INPUT RECORDS:

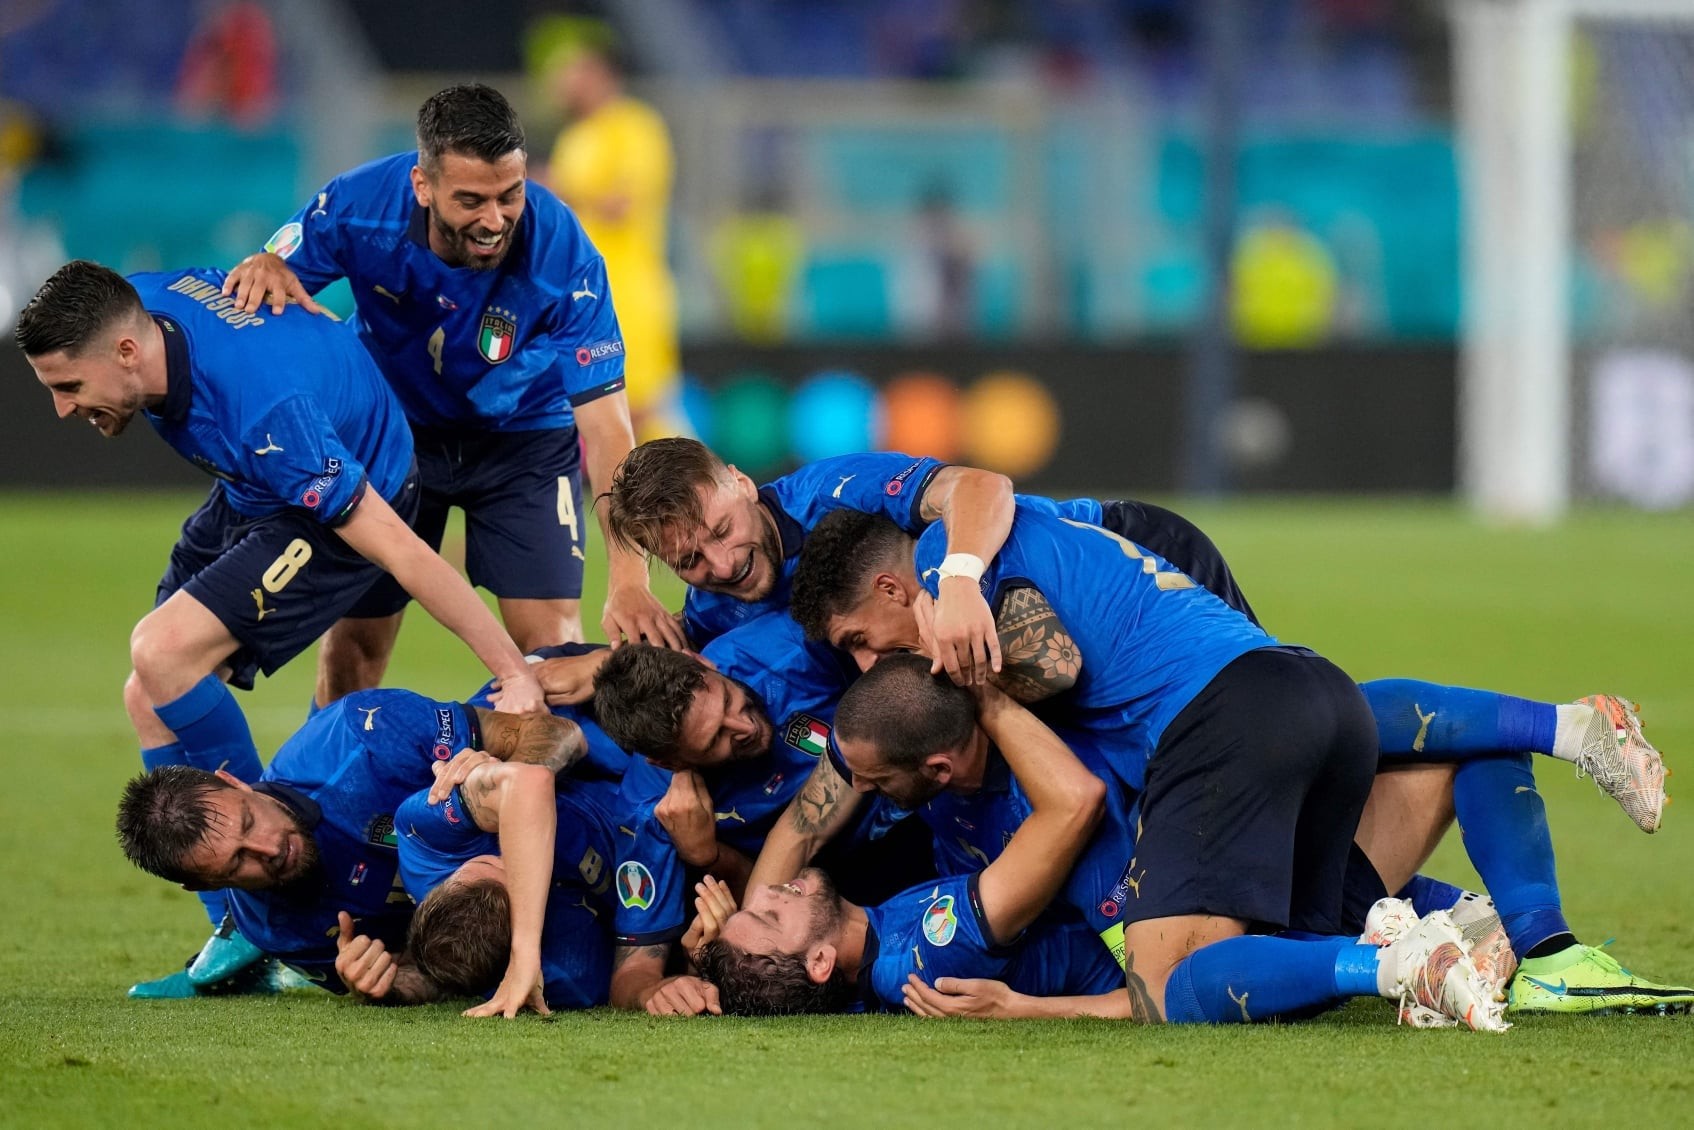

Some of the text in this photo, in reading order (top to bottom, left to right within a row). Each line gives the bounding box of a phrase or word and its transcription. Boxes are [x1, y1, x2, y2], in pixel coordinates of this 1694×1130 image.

[485, 317, 514, 333] ITALIA
[427, 326, 446, 375] 4
[590, 342, 623, 359] RESPECT
[314, 458, 340, 493] RESECT
[556, 476, 579, 541] 4
[262, 538, 312, 593] 8
[439, 709, 450, 745] RESPECT
[788, 716, 809, 743] ITALIA
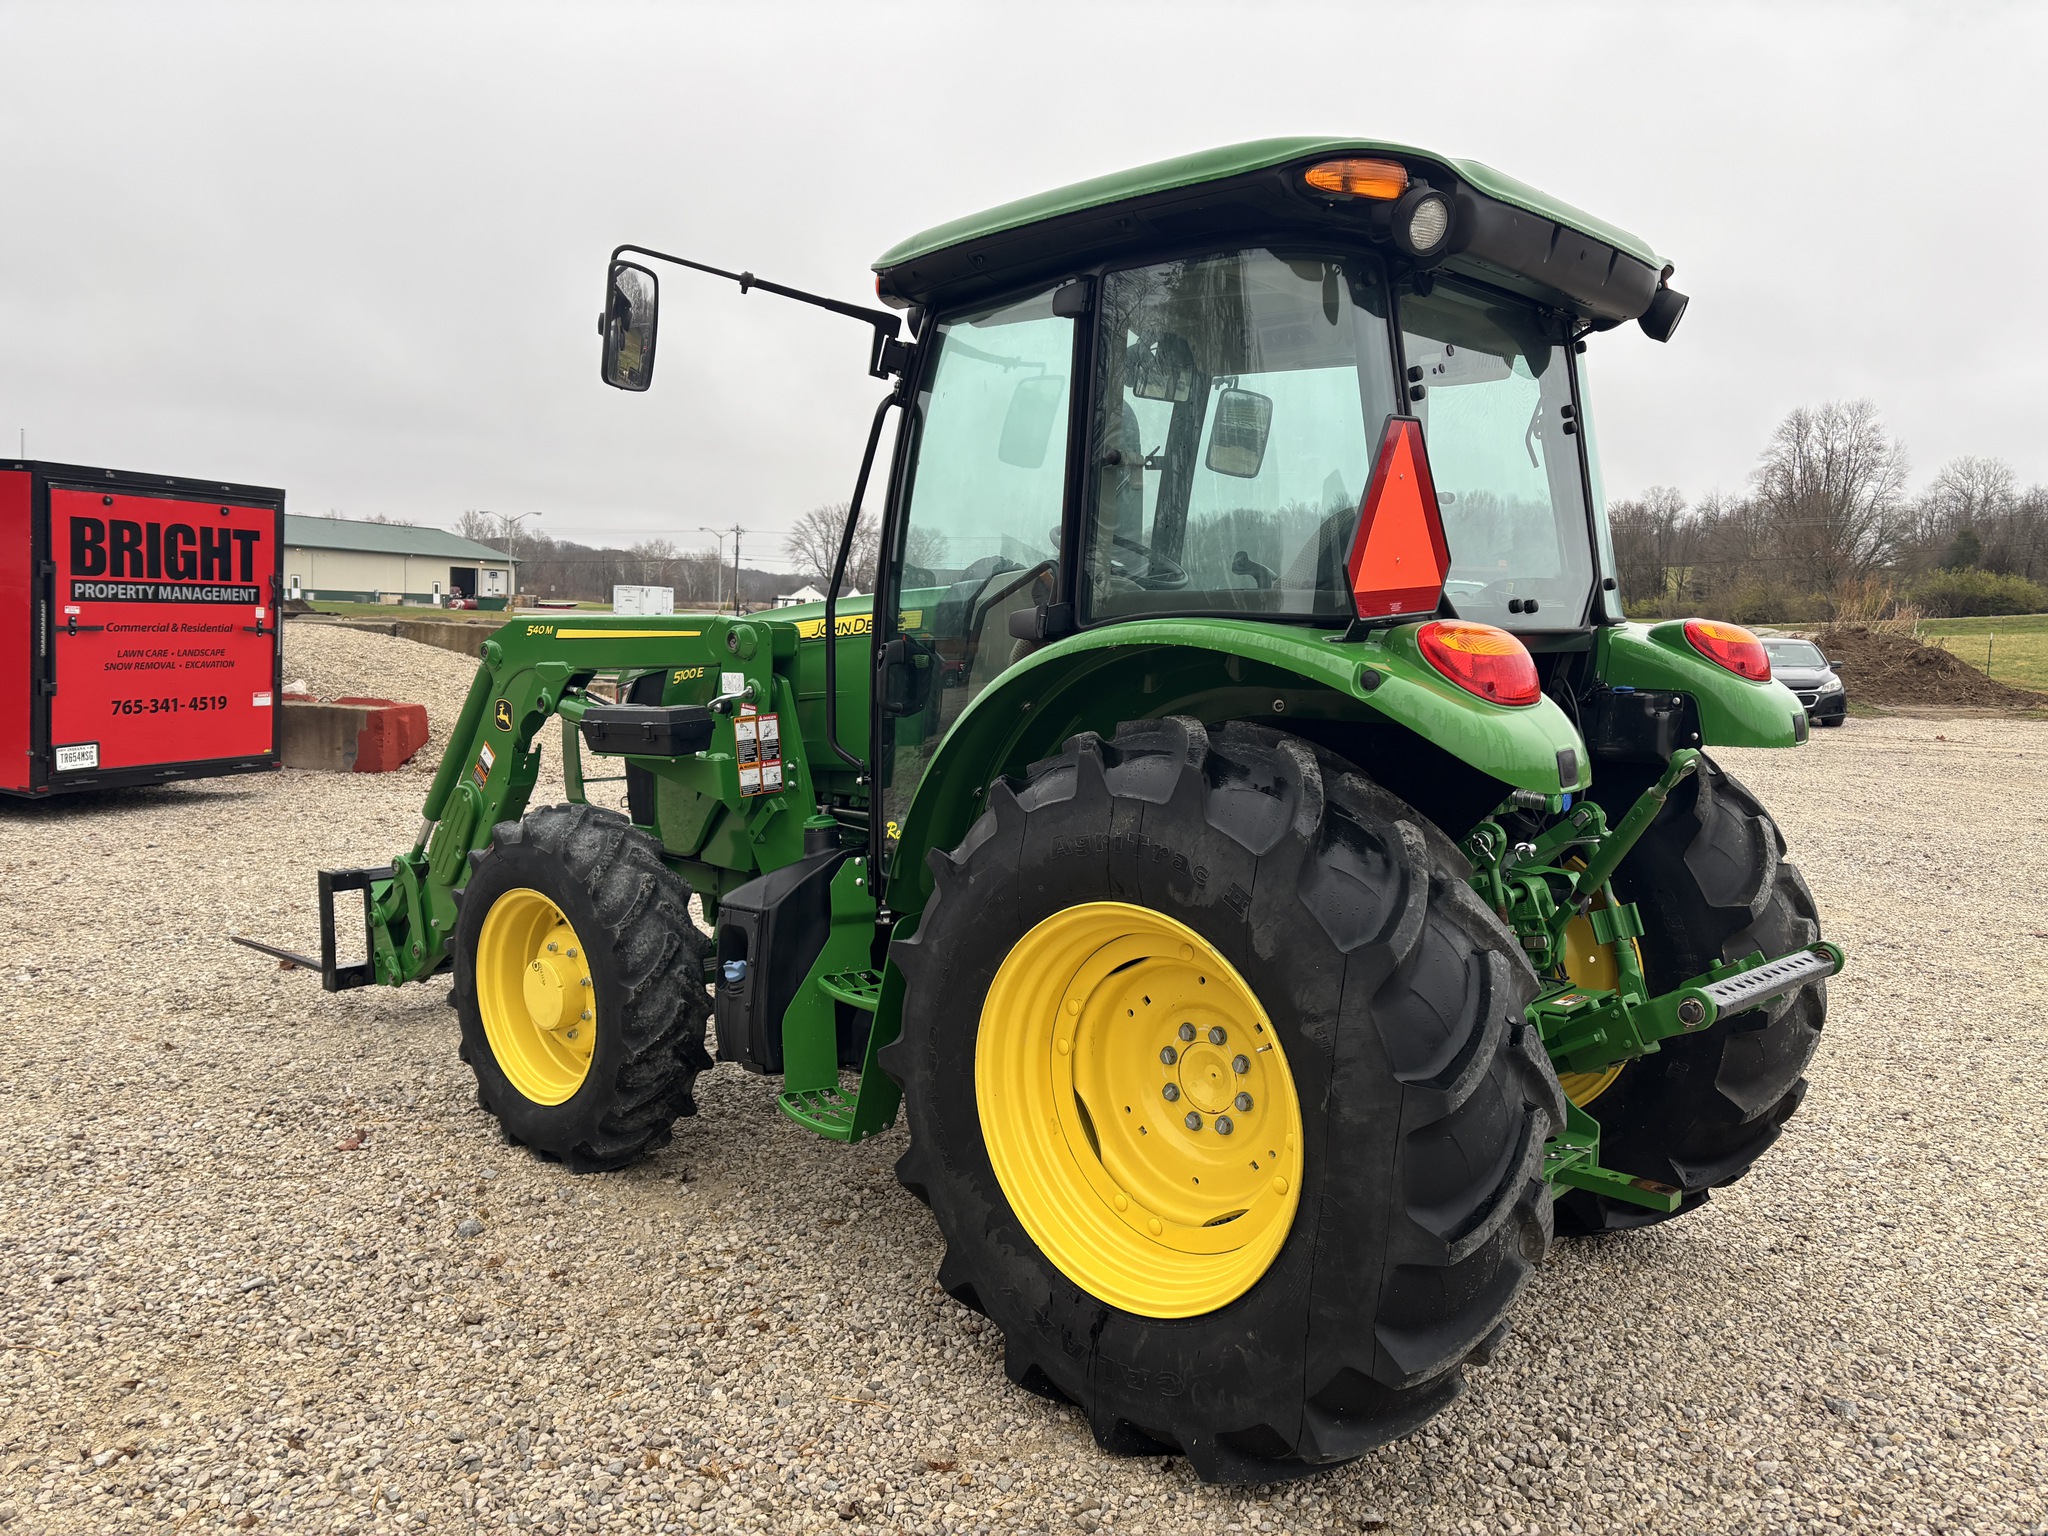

PROBLEM REQUIREMENTS:
Reproduce every entry above exactly, and omit the pictures.

ANSWER SECTION:
Some of the text in this photo, in reading order (top to bottom, left to right within a row). Each line gives the bounding box of a phrase or word and its transcription. Boxes are [x1, y1, x2, y2], in pixel coordinates of this 1694×1130 image.

[485, 317, 514, 333] ITALIA
[427, 326, 446, 375] 4
[590, 342, 623, 359] RESPECT
[314, 458, 340, 493] RESECT
[556, 476, 579, 541] 4
[262, 538, 312, 593] 8
[439, 709, 450, 745] RESPECT
[788, 716, 809, 743] ITALIA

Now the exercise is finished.